The giant Ibis, a mega-sized bird that can stand more than a meter (3 feet) tall and weigh more than 4 kilograms (9 pounds), was once thought to be extinct in Cambodia. But in 1993, scientists working with the Wildlife Conservation Society (WCS) rediscovered the birds on the border with Laos, and since then, a small, but viable, population has lived in Cambodia, with most in the country’s northern plains. The giant ibis (Thaumatibis gigantea), currently classified as a critically endangered species on the IUCN Red List, is also Cambodia’s national bird.
But two weeks ago, a poaching incident in the Chhep Wildlife Sanctuary, in Cambodia’s Preah Vihear province, took the lives of three giant ibises — equivalent to 1-2% of the global population, according to WCS.
“When you’ve got less than 300 birds, three adult birds are significant,” Colin Poole, regional director of WCS in Greater Mekong, Cambodia, told Mongabay. “They don’t reproduce incredibly fast and they’ve got a relatively small distribution range across northern Cambodia. They’re quite vulnerable to disturbance and they’re quite shy, so three birds is a big issue.”
Poachers had poured an insecticide called carbofuran into a dried-up watering hole in the sanctuary, and the three ibises had taken a drink of the deadly liquid.
“[The insecticide] was banned in Europe in the U.S. quite some time ago,” Poole said. “It’s really toxic to birds, but it’s really cheap and easy to get hold off.”
The poachers were likely after the birds’ meat, despite the fact that it would be contaminated by the poison.
“They basically have the idea that if they take the guts out relatively quickly, it’s fine,” Poole said. “And they either consume it themselves, or they sell it in the market, and nobody knows where they got them from.”
Over the past decade, the giant ibis has brought thousands of international visitors — and thousands of dollars — to Cambodia’s northern plains, according to WCS. However, the giant ibis has been persistently threatened by habitat destruction, and now poaching seems to be an increasing danger to these rare animals.
While poaching incidents have been recorded in northern Cambodia in the past, there’s been a sudden upsurge in poaching since the start of the COVID-19 pandemic, which has shut down ecotourism in the area. In addition to the three ibises recently killed, more than 100 painted storks (Mycteria leucocephala) were poached at Cambodia’s Prek Toal sanctuary, a Ramsar Site, in late March, according to WCS. Hunters have also poisoned white-winged ducks (Asarcornis scutulata), sarus cranes (Antigone antigone), and many other bird species in recent weeks.

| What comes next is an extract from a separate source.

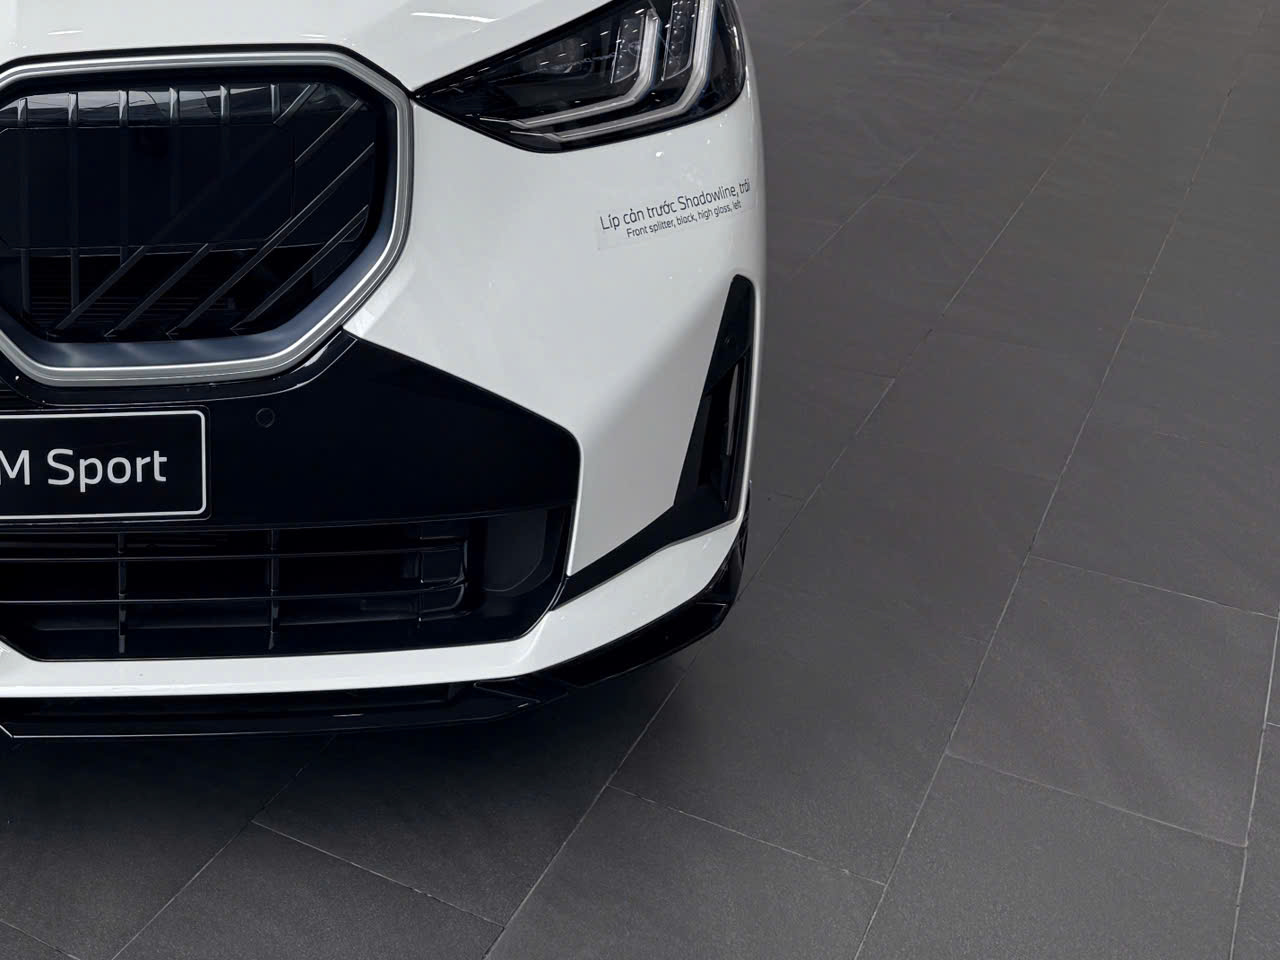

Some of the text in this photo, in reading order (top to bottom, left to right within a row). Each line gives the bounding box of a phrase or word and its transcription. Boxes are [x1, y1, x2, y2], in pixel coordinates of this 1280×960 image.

“As income streams dry up, what alternatives do people have but to turn to cutting trees or hunting birds?” Poole said. “It’s going to be a really challenging time, and we need to work out how we can get direct support into these villages so they don’t need to turn to natural resources for survival. We’re looking at ways of trying to increase employment opportunities — to employ more rangers, employ more bird guards, employ people to upgrade and fix the ecotourism facilities we have.”
This rise to poaching during the COVID-19 crisis isn’t a problem unique to Cambodia, but a trend happening across Southeast Asia, Poole said.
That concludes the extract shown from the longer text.